What Is An Emergency Fund And Why You Should Have It
No one ever thinks that some bad times might occur. But, unfortunately, they might happen to just any of us. You could accidentally break a leg, or your fridge might stop working… These are just some of the thousands of unpredictable scenarios that could come out of nowhere.
In order to live through these kinds of situations as stress-free as possible, it is smart to build your emergency fund on time. Let’s see how you should do it and how early should you start saving your money. But first, let’s explain what an emergency fund is and what are the rules you have to follow in order to build a successful one.
What Is An Emergency Fund?
An emergency fund is a bank account with money savings that are meant to cover large, unexpected expenses. Some of them might include:
- Medical expenses
- Home-appliance repair/replacement
- Car repairs
- Natural Disasters
You never know what the future holds, so it is better to be prepared and prevent yourself from borrowing money and going into debt when unpredictable events occur. In fact, building an emergency fund might help you lead a more stable life if anything from these things occurs. If you don’t have enough money that you could live off for a couple of months if you lost your job tomorrow, you should start saving for “emergency”.
Do I Really Need An Emergency Fund?
The truth is that literally anyone on Earth could be struck with an emergency situation. So, if you’d rather avoid having to borrow money from your relatives and friends, then you definitely need one. Everyone needs an emergency fund. Especially if you have children and are building a family.
The times of financial emergencies never come when you have lots of money, but as a rule of thumb, they always occur when you’ve already spent a major part of your income.
So, practically an emergency fund can not only save your reputation, stability and provide you with more financial security, but it will also prevent you from relying on high-interest loans or credit cards.
Emergency funds are a great way to stop yourself from going into (further) debt.
How Much Should I Save?
One of the costliest financial emergency cases is unemployment. If you lose your job, you would still need to pay for necessities. Having living expenses without having a regular income and a good savings bank account, will inevitably drain all your money and quite probably lead to debt and borrowing money.

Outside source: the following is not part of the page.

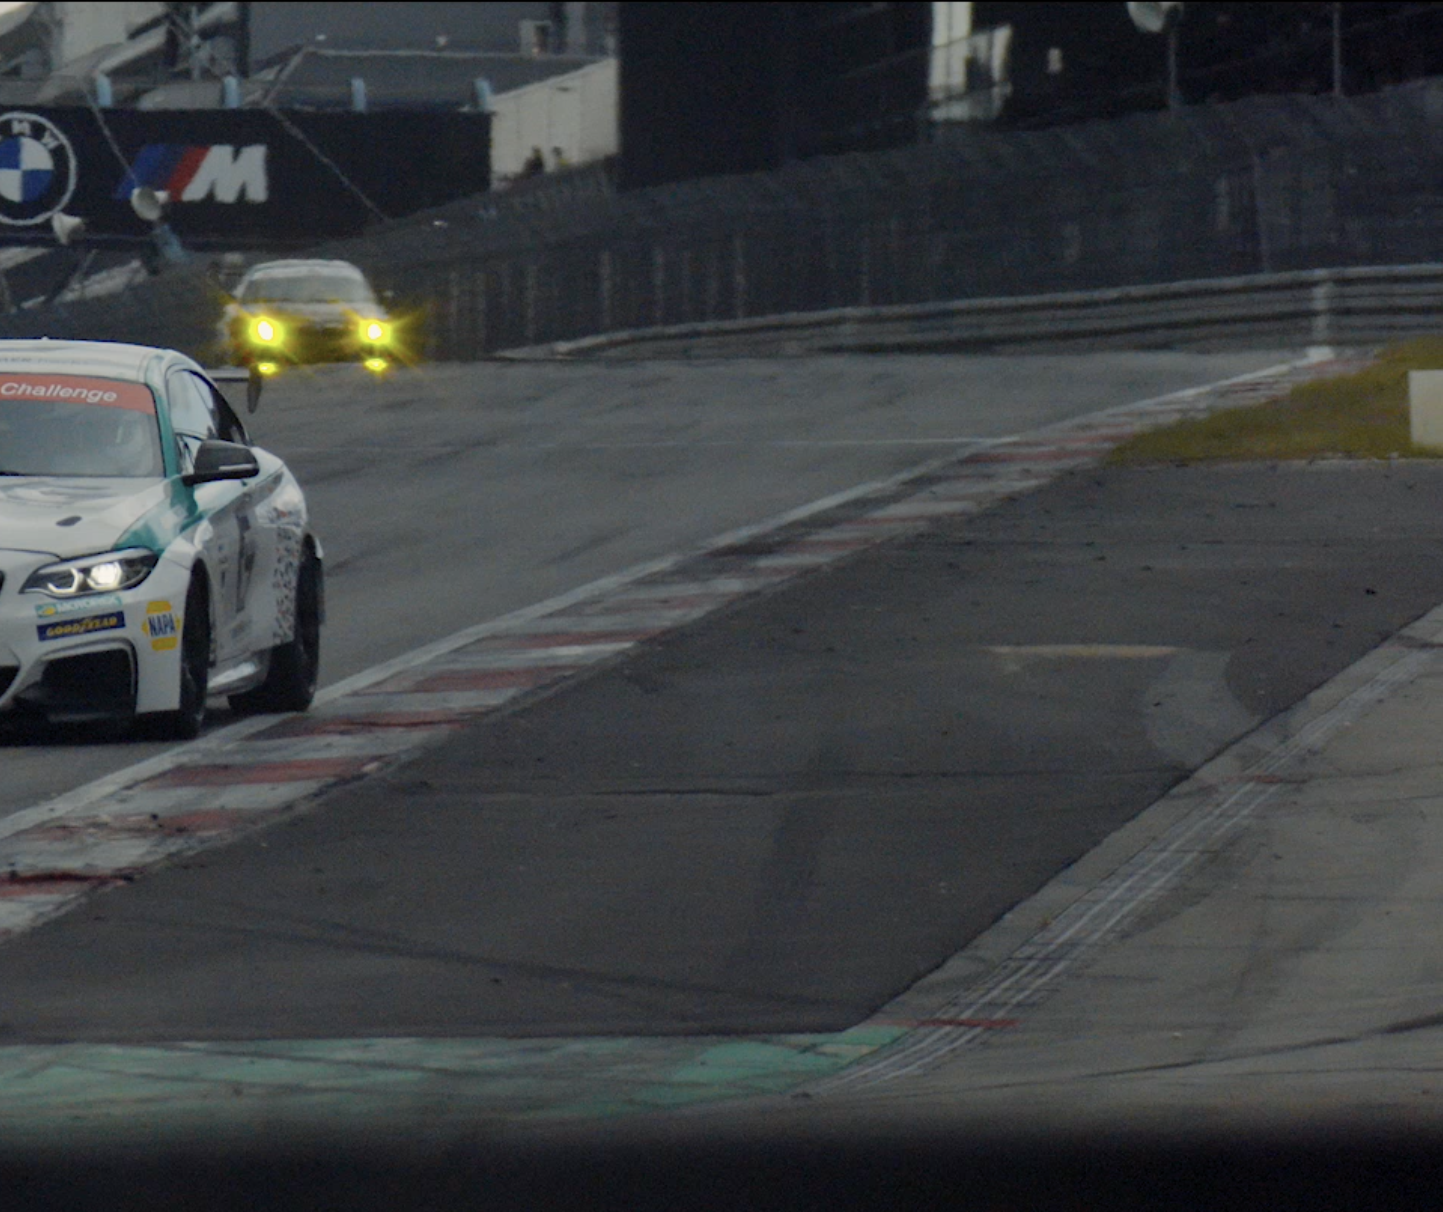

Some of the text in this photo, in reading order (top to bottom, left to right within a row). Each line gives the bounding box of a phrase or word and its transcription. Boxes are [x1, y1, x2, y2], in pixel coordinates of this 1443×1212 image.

[1, 382, 118, 403] Challenge
[45, 615, 119, 638] GOODYEAR
[148, 612, 176, 638] NAPA

So, the ideal way to save money for an emergency fund is to get prepared for these situations. The fund should be able to cover your basic expenses for at least 3, or ideally 6 months so that you can have a stress free time while looking for a new job.
Of course, the amount you’re able to save on a monthly basis depends on your financial circumstances. However, what’s important is to start saving, even if you start small. Be realistic when setting your saving goals and determine how much should you save by the end of each month. This way you will build a strong start.
Imagine that you have to replace your fridge, and you have $500 in your emergency fund bank account. It will definitely feel good that a financial emergency like that won’t influence your regular monthly expenses and your “pleasure” money.
Rules Of An Emergency Fund
You have saved $1000 so far, but you just stumbled upon the perfect dress/watch you have been wanting for a long time now. Your first impulse might be using your emergency fund’s money in order to please yourself, but this is not what the fund is meant for.
You should avoid using this money for pleasure and things such as:
- Eating out
Set up good rules and really commit to them and soon you will see your emergency fund growing, just like your financial security. Committing to these rules will also be much easier for you if you find a way to make your emergency fund not too easy to access. Make sure your emergency fund bank account is separated from your personal use bank account, so you can avoid temptations like the one we mentioned above.